This approach, while functional, had significant limitations: 

  • High downtime. The time it took to detect a failure and promote a new primary (mean time to detect/resolve) was too long for our most critical services. Our SLAs were around 120 seconds (2 minutes) for mitigation.
  • Reliance on external systems. The entire process depended on a chain of external components. If any of these failed, the failover process could be delayed or not happen at all. We saw many critical failures that our systems didn’t detect or mitigate within the promised timeframe, leading to service disruptions and unnecessary downtime.
  • Lack of reliability. The systems were prone to issues and lacked the self-sufficiency needed to guarantee uptime without constant operational oversight.

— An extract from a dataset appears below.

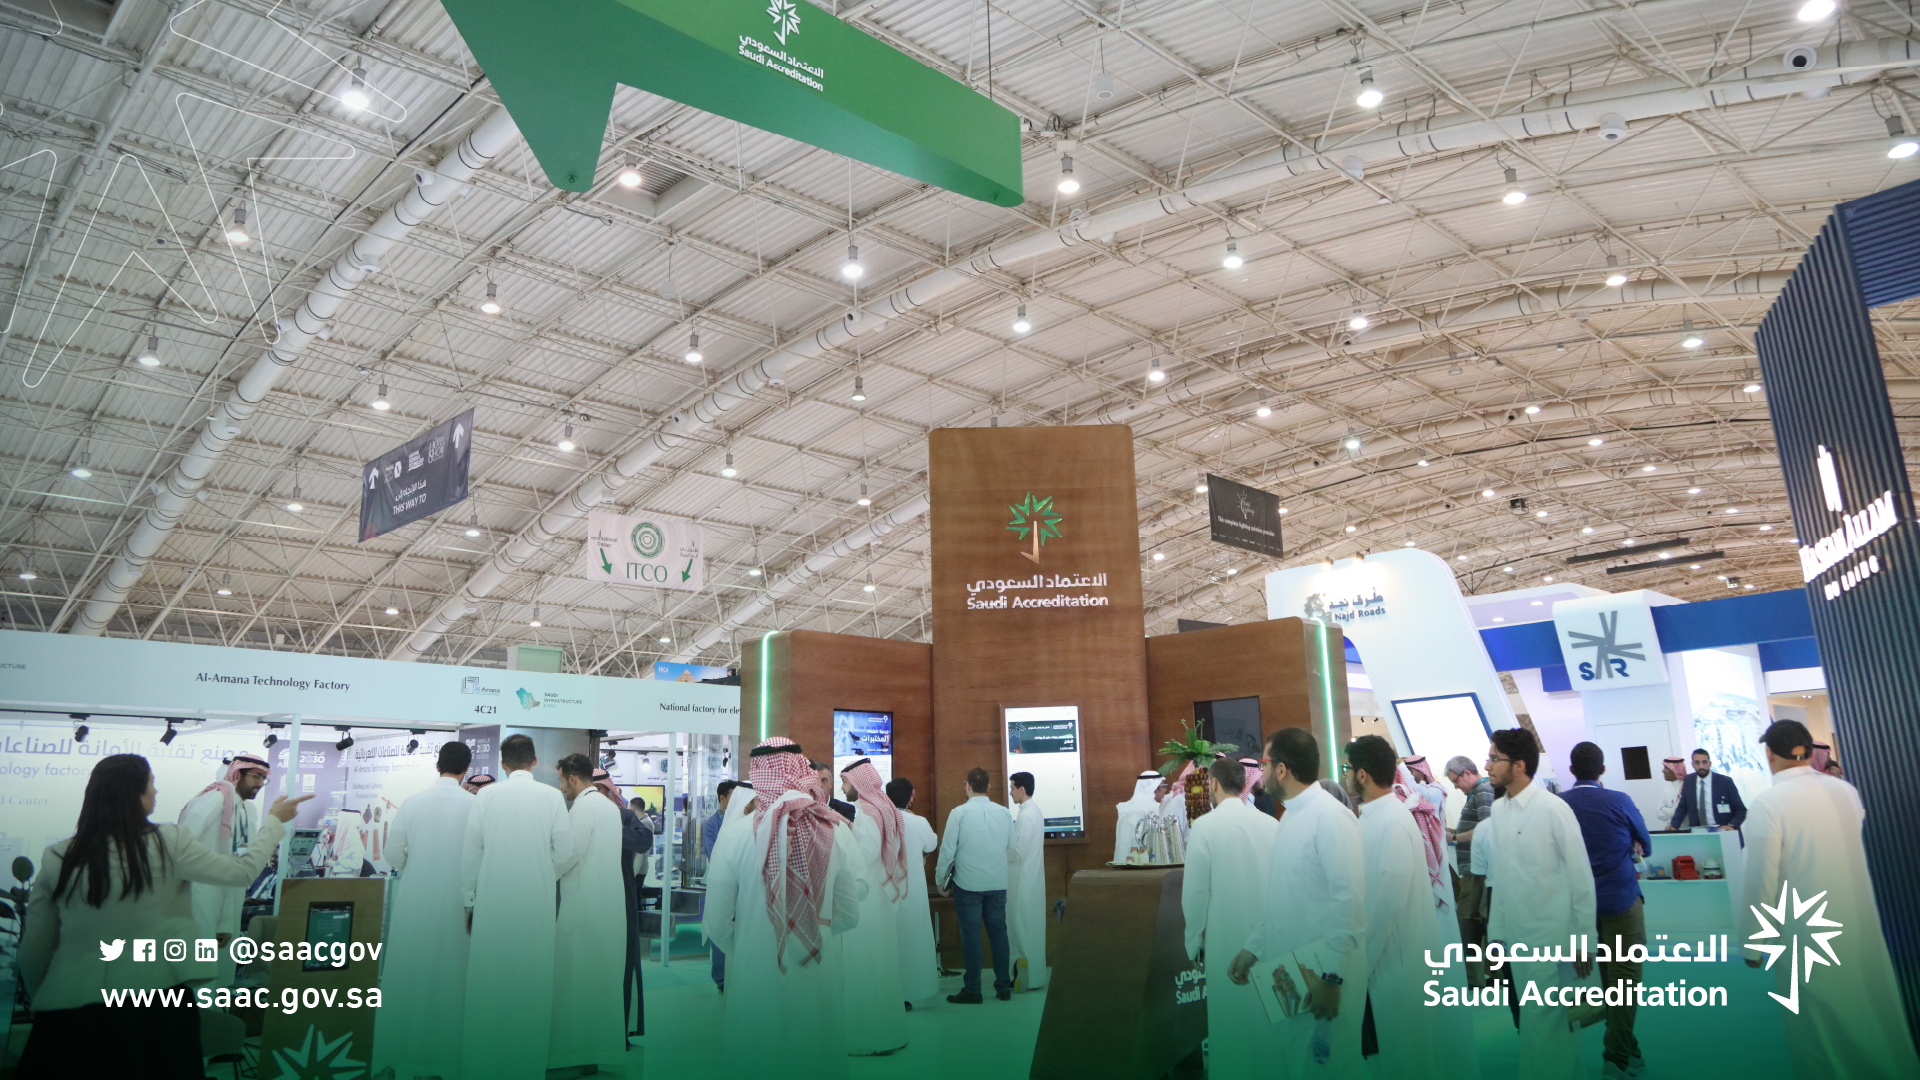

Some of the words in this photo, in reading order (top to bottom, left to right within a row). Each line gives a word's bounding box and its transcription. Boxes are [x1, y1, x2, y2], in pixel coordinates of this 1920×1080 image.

We knew we needed a better solution—one that was more robust, faster, and could handle failures from within the database itself.

Architecture

After careful research, we decided to adopt a more decentralized approach using MGR (MySQL Group Replication). MGR is a plugin in MySQL that allows a group of MySQL servers to act as a single, fault-tolerant system. It uses a consensus protocol called Paxos to ensure that all members of the group have the same data at all times. This gives the cluster the ability to make its own decisions. When a primary node fails, the other nodes in the group can automatically and quickly elect a new primary without needing any external intervention.

We concluded that we needed to implement a consensus group of three MySQL nodes within the MySQL cluster. This approach significantly improves availability by enabling faster failover to a secondary node of the consensus group in the event of a primary node failure.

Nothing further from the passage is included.